In the case of startups in the biotechnology sector, the government has now extended the gestation period to ten years from the date of incorporation/ registration.

So far, only companies up to five years from the date of incorporation were eligible for concessions under the plan launched by the government on 16 January 2016. Through this the government intends to build a strong eco-system for nurturing innovation and startups in the country to drive economic growth and generate large scale employment opportunities.

The government has extended the gestation period of startups to seven years taking into account the long period startups needed to become commercially viable. Accordingly, an entity shall be considered as a startup up to seven years from the date of its incorporation/registration. However, in the case of startups in the biotechnology sector, the period shall be up to ten years from the date of incorporation/ registration.

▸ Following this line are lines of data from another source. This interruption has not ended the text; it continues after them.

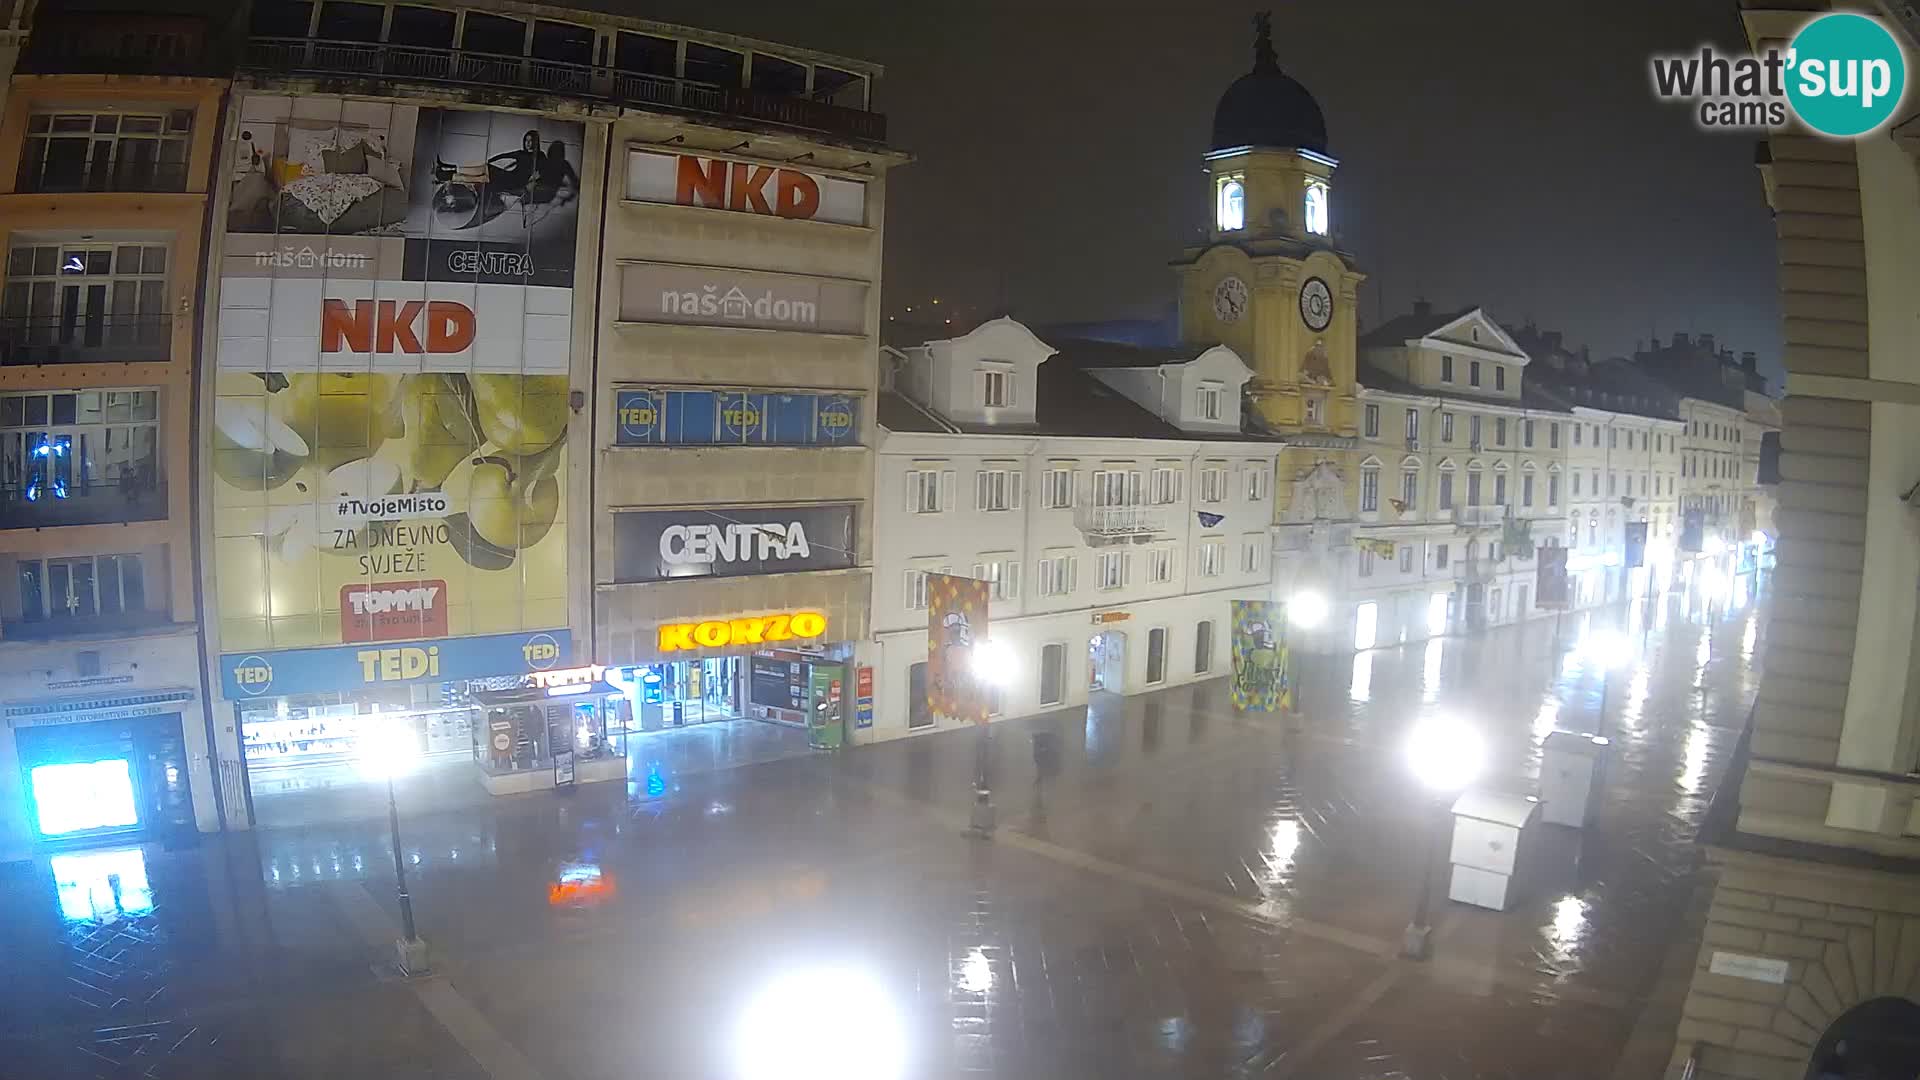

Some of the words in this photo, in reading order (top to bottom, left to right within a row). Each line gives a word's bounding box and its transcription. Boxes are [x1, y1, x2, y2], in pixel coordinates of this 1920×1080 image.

[676, 154, 820, 219] NKD
[255, 246, 296, 268] naš
[319, 247, 366, 269] dom
[447, 250, 535, 276] CENTRA
[661, 284, 719, 316] naš
[754, 291, 816, 322] dom
[320, 298, 477, 354] NKD
[619, 407, 657, 426] TEDi
[337, 496, 447, 518] #TvojeMisto
[333, 528, 357, 550] ZA
[367, 523, 451, 548] DNEVNO
[659, 521, 810, 564] CENTRA
[358, 547, 426, 576] SVJEŽE
[348, 587, 440, 615] TOMMY
[658, 611, 827, 653] KORZO
[358, 645, 440, 682] TEDi
[521, 642, 560, 662] TEDi
[233, 664, 274, 685] TEDi

Also, no letter of recommendation from an incubator/industry association will be required for either recognition or tax benefits, according to a government notification.

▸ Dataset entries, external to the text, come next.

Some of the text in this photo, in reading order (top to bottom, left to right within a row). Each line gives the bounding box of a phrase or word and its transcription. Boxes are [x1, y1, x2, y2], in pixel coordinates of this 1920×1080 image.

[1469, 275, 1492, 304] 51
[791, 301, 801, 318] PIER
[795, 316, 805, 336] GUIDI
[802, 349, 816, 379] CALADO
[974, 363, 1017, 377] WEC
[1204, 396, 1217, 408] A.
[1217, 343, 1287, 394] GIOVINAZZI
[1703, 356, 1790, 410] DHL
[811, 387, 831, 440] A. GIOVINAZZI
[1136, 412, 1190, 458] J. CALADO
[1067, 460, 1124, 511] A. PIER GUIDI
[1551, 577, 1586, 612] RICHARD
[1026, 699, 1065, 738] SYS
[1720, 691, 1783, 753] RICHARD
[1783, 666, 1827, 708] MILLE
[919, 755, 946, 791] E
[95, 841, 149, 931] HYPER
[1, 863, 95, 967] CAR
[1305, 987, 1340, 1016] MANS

The scope of definition has also been broadened to include scalability of business model with potential of employment generation or wealth creation.

The move comes after extensive consultations between the Department of Industrial Policy and Promotion (DIPP) with stakeholders. DIPP hopes the changes will ensure ease of starting up new businesses to promote the startup ecosystem and build a nation of job creators.

As per the new definition, an entity shall be considered as a start-up if its turnover is less than Rs25 crore (which remains unchanged) and has not completed seven years from the date of incorporation/registration.

Also, an entity shall be considered as a start-up if it is working towards innovation, development or improvement of products or processes or services, or if it is a scalable business model with a high potential of employment generation or wealth creation.

To obtain tax benefits, a startup should obtain a certificate of an eligible business from an inter-ministerial board of certification as constituted by the DIPP.

It said if the recognition would be obtained without uploading the relevant documents or on the basis of false information, the DIPP reserves the right to revoke the recognition certificate and certificate of an eligible business for tax benefits immediately without any prior notice or reason.

Further, the notification said the process of recognition as a start-up would be through an online application made over the mobile app/portal set up by the DIPP.